Astor a déclaré plus tard qu'elle prétendait être Edith Cortright, son personnage deDodsworth. Edith' était beaucoup de choses que j'aurais aimé être. Elle avait une confiance totale en elle et j'en avais très peu », a écrit Astor. Plus tard, elle a ajouté: 'J'étais complètement à l'épreuve des cliquetis, grâce à Edith Cortright.
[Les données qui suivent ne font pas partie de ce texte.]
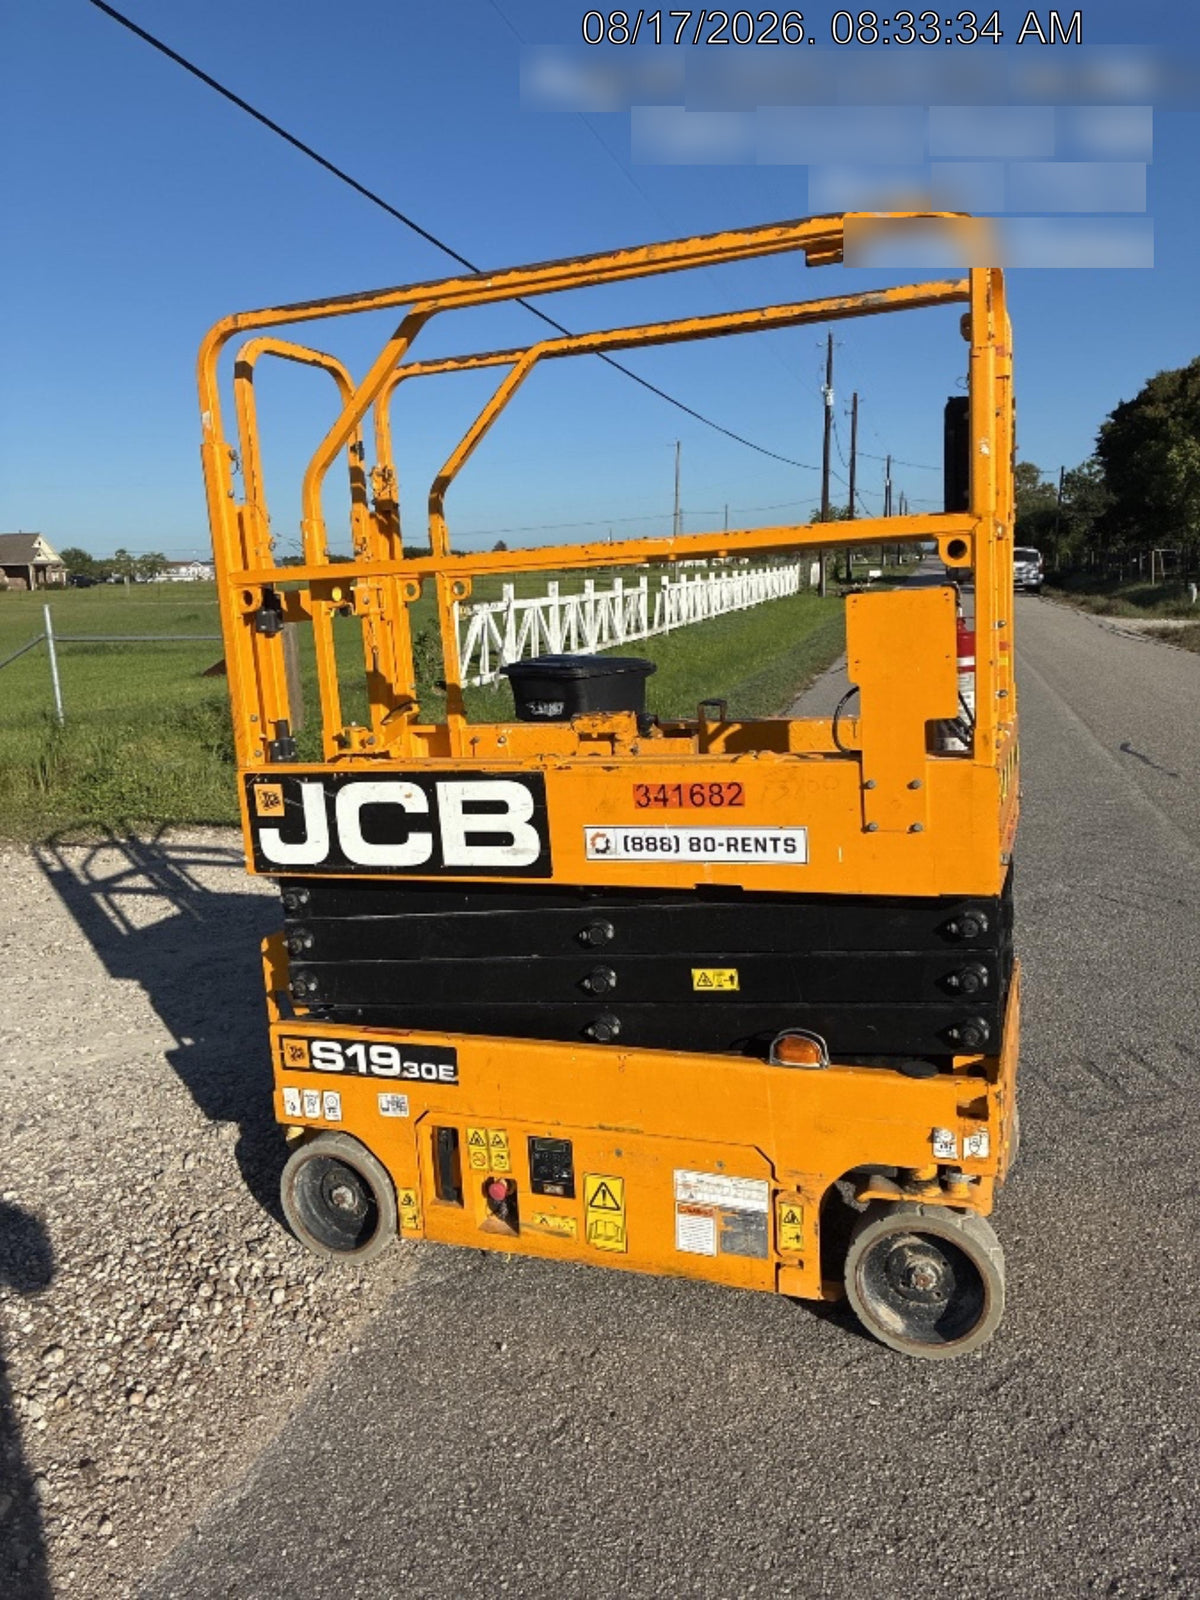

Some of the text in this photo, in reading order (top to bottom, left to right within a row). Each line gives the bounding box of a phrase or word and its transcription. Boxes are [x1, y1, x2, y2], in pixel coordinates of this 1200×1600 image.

[635, 782, 743, 808] 341682
[258, 779, 541, 867] JCB
[624, 834, 797, 854] (888) 80-RENTS
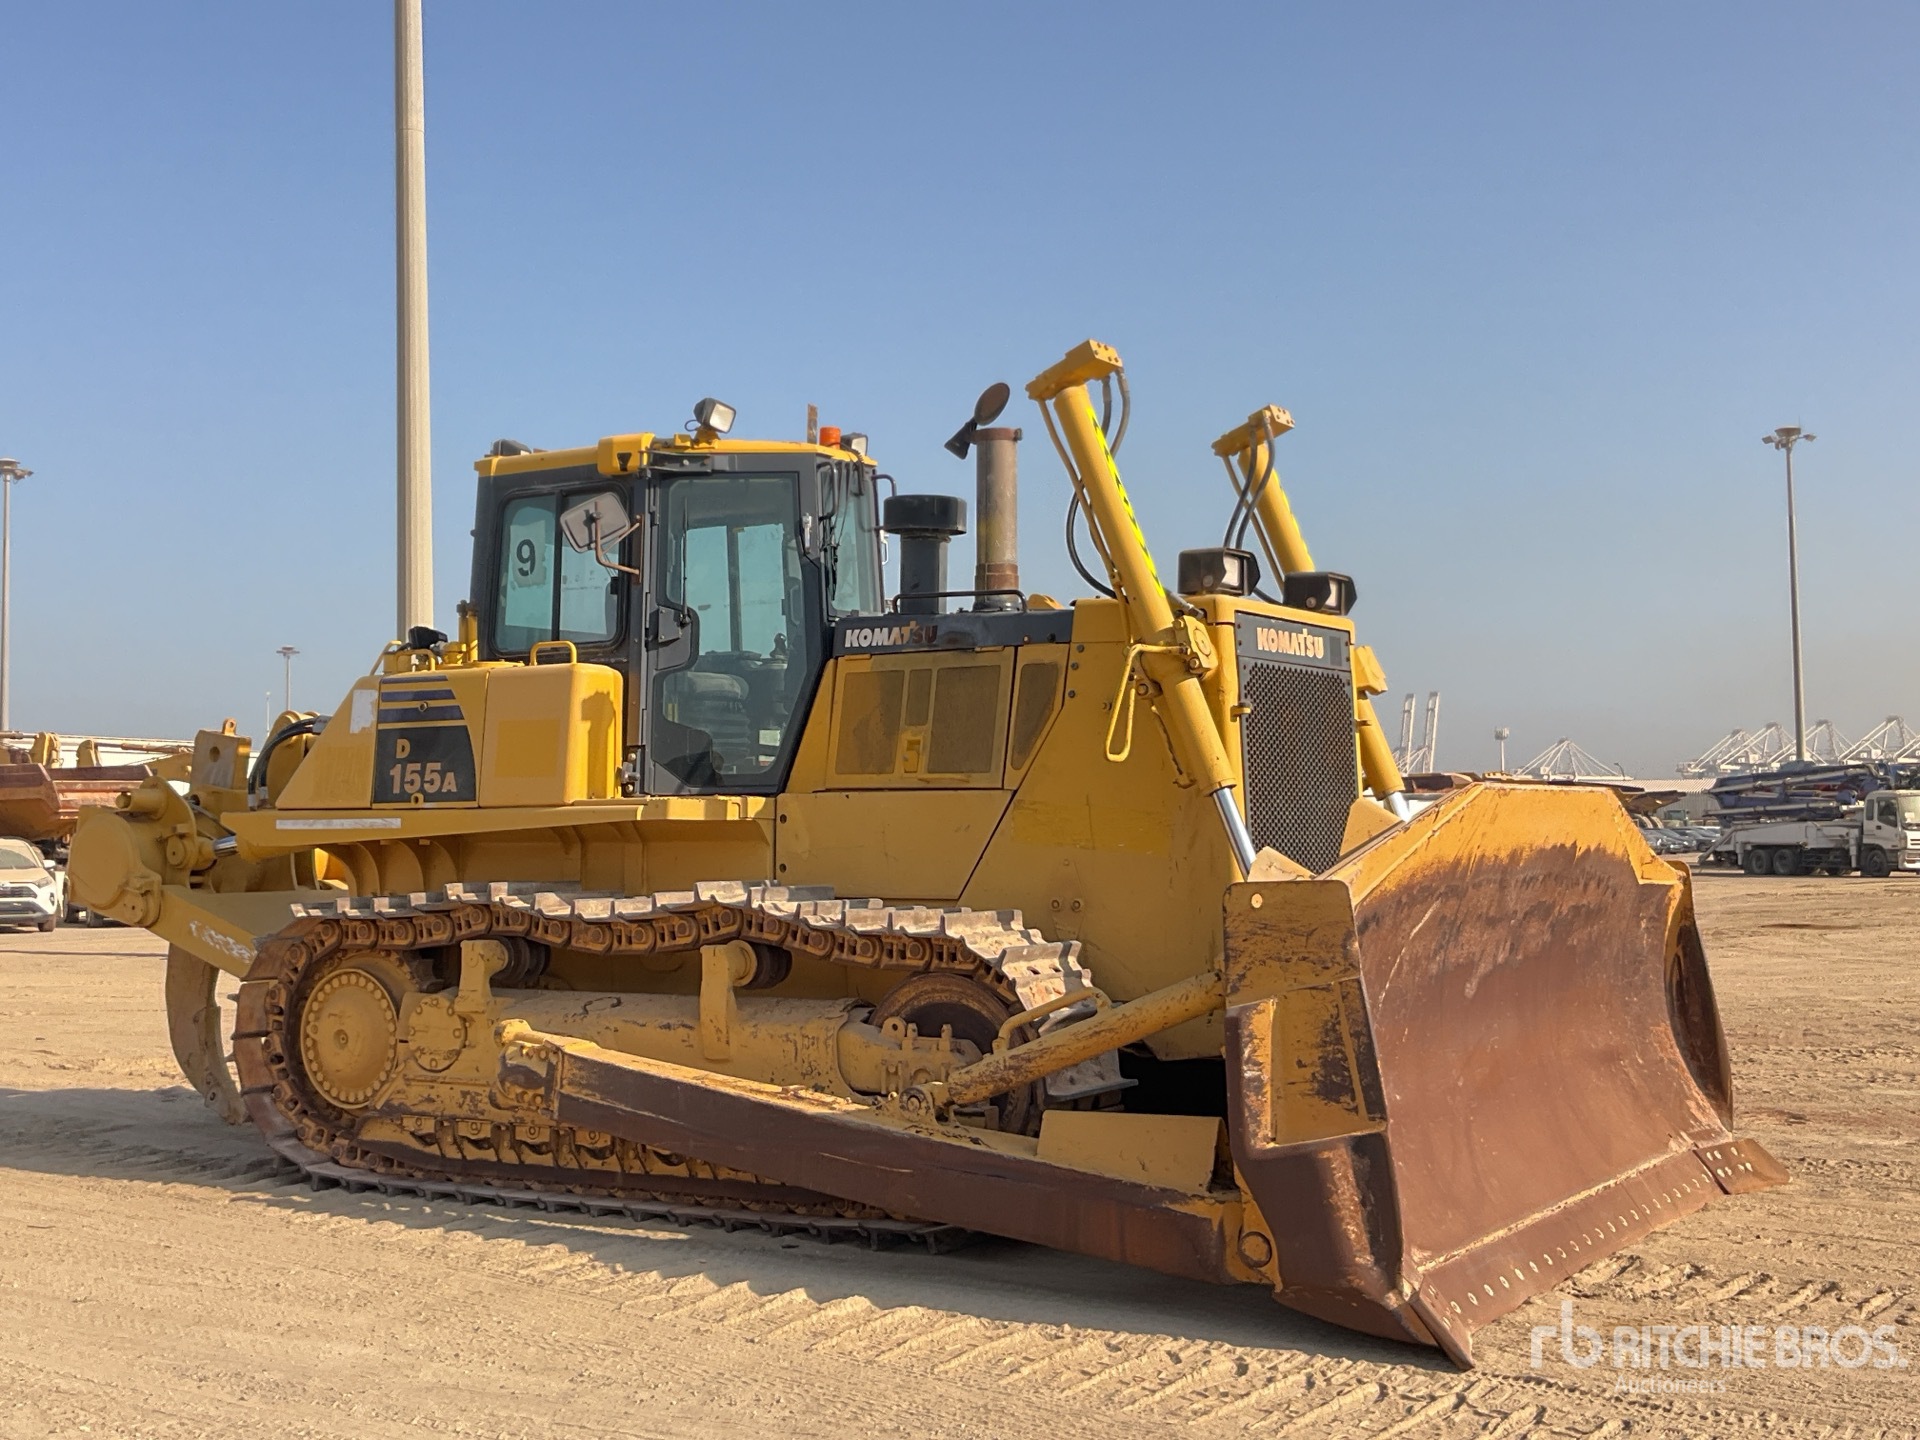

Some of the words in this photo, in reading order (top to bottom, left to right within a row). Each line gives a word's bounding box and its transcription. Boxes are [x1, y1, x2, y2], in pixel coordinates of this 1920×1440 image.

[516, 539, 536, 577] 9
[844, 620, 938, 648] KOMATSU
[1256, 627, 1324, 659] KOMATSU
[395, 738, 411, 759] D
[389, 762, 457, 794] 155A
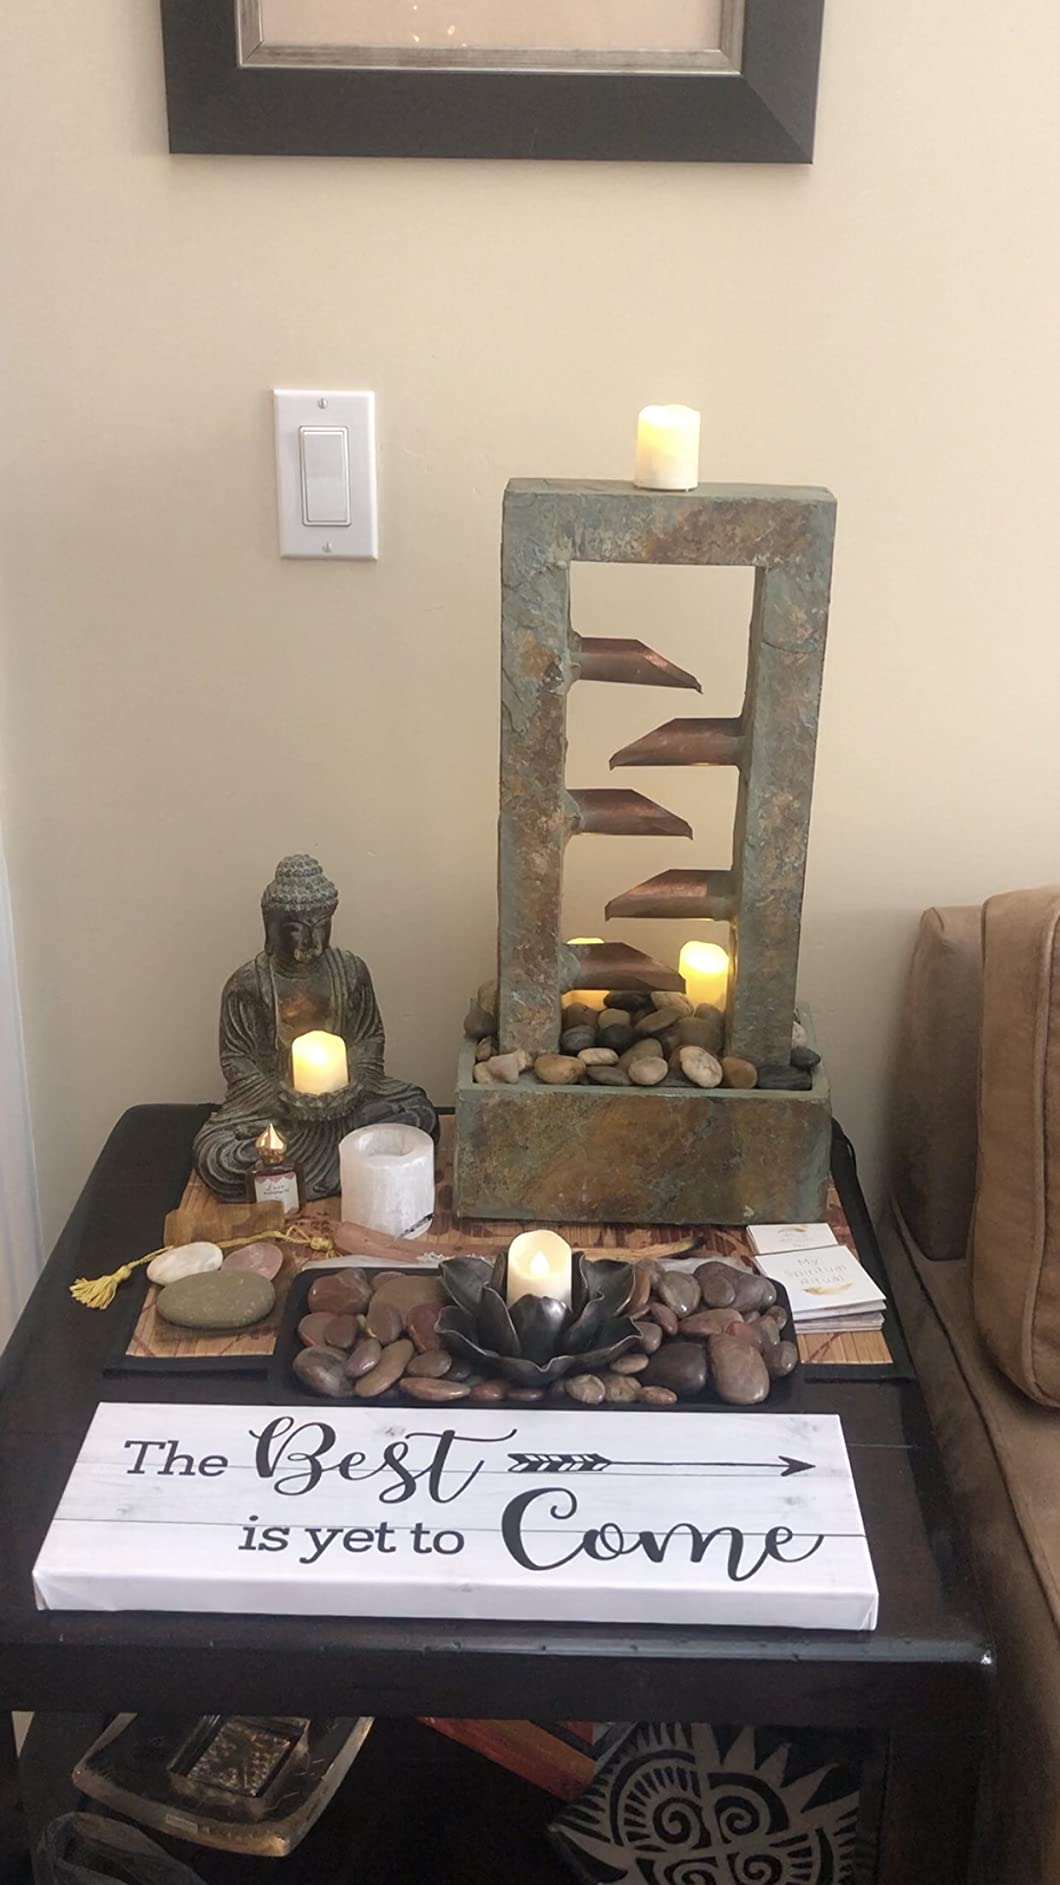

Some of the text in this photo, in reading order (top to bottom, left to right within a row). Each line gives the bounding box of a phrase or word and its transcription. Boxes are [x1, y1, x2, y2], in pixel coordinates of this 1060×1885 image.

[124, 1416, 517, 1504] The Best
[237, 1487, 825, 1582] is yet to Come
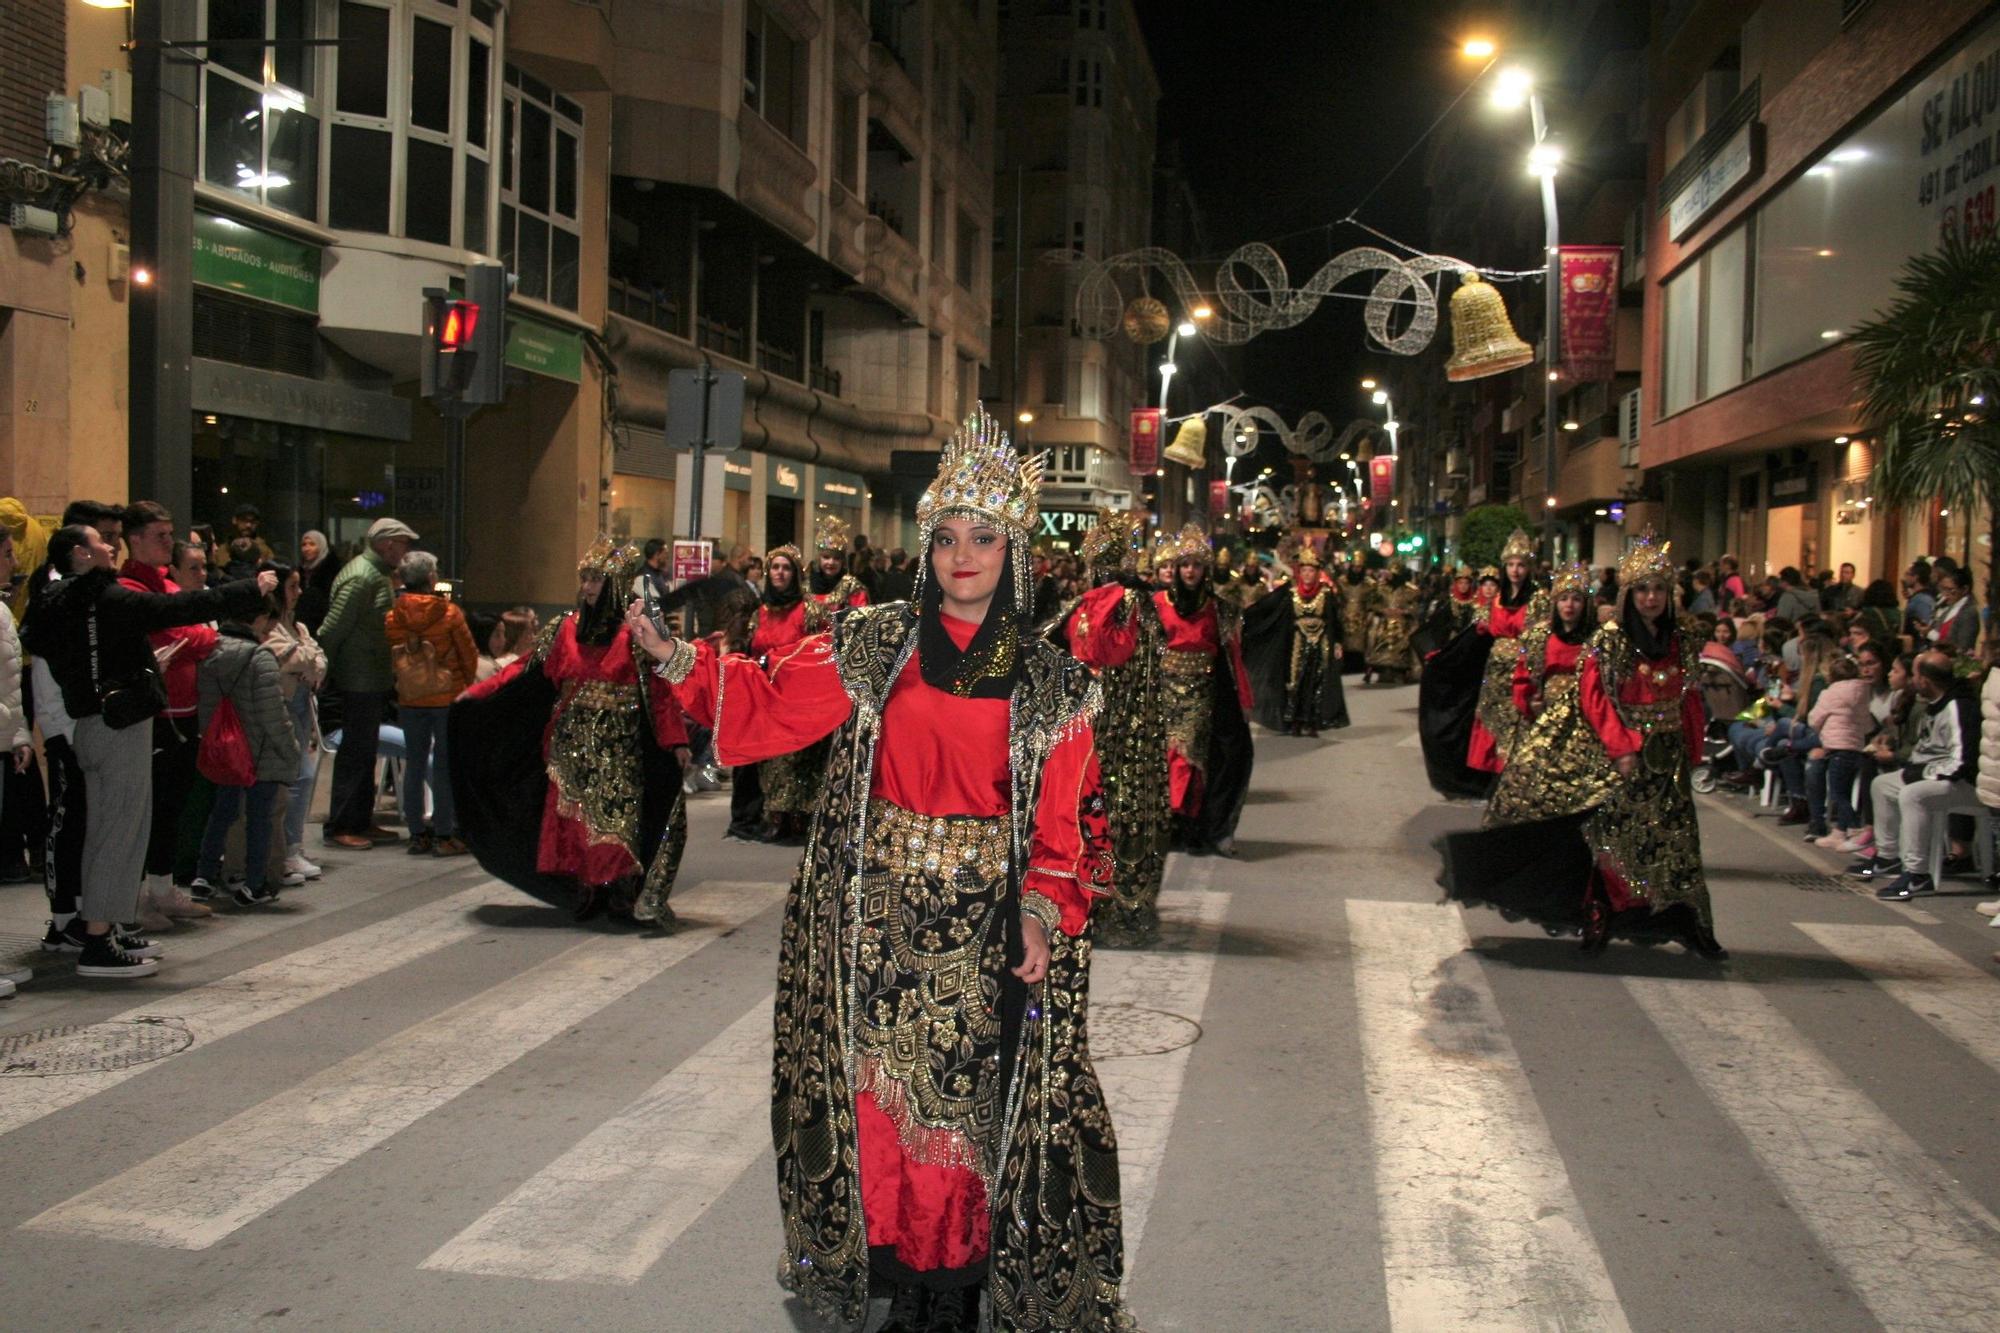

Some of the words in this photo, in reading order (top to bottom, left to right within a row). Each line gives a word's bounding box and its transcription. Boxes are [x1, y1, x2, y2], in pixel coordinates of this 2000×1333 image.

Elle était mon bouclier.

10. Finalement, le public s'est rangé du côté de Mary Astor.

Lorsque le juge a décidé que les journaux ne pouvaient pas être admis comme preuve, les avocats de Thorpe ont publié des extraits à la presse. Bientôt, les rêveries intimes d'Astor ont été exposées dans tout le pays. Impatient du cirque médiatique, le juge a ordonné à Astor et Thorpe de trouver un accord, sinon. En fin de compte, Astor a triomphé, obtenant la garde de Marylyn pendant neuf mois par an.

Étonnamment, le scandale n'a pas nui à la carrière d'Astor. Elle était encore plus populaire par la suite, jouant dansLe faucon maltais(1941),Petite femme(1949), etRencontrez-moi à Saint-Louis(1944). Sa carrière a duré sept décennies et comprend un héritage durable en tant que femme fatale.

Quant aux journaux, le juge les a enfermés jusqu'à ce que Marylyn ait 21 ans. En 1952, ils ont été enlevés et brûlés. Les seules sections survivantes étaient les extraits divulgués à la presse; Vous pouvez les lire ici.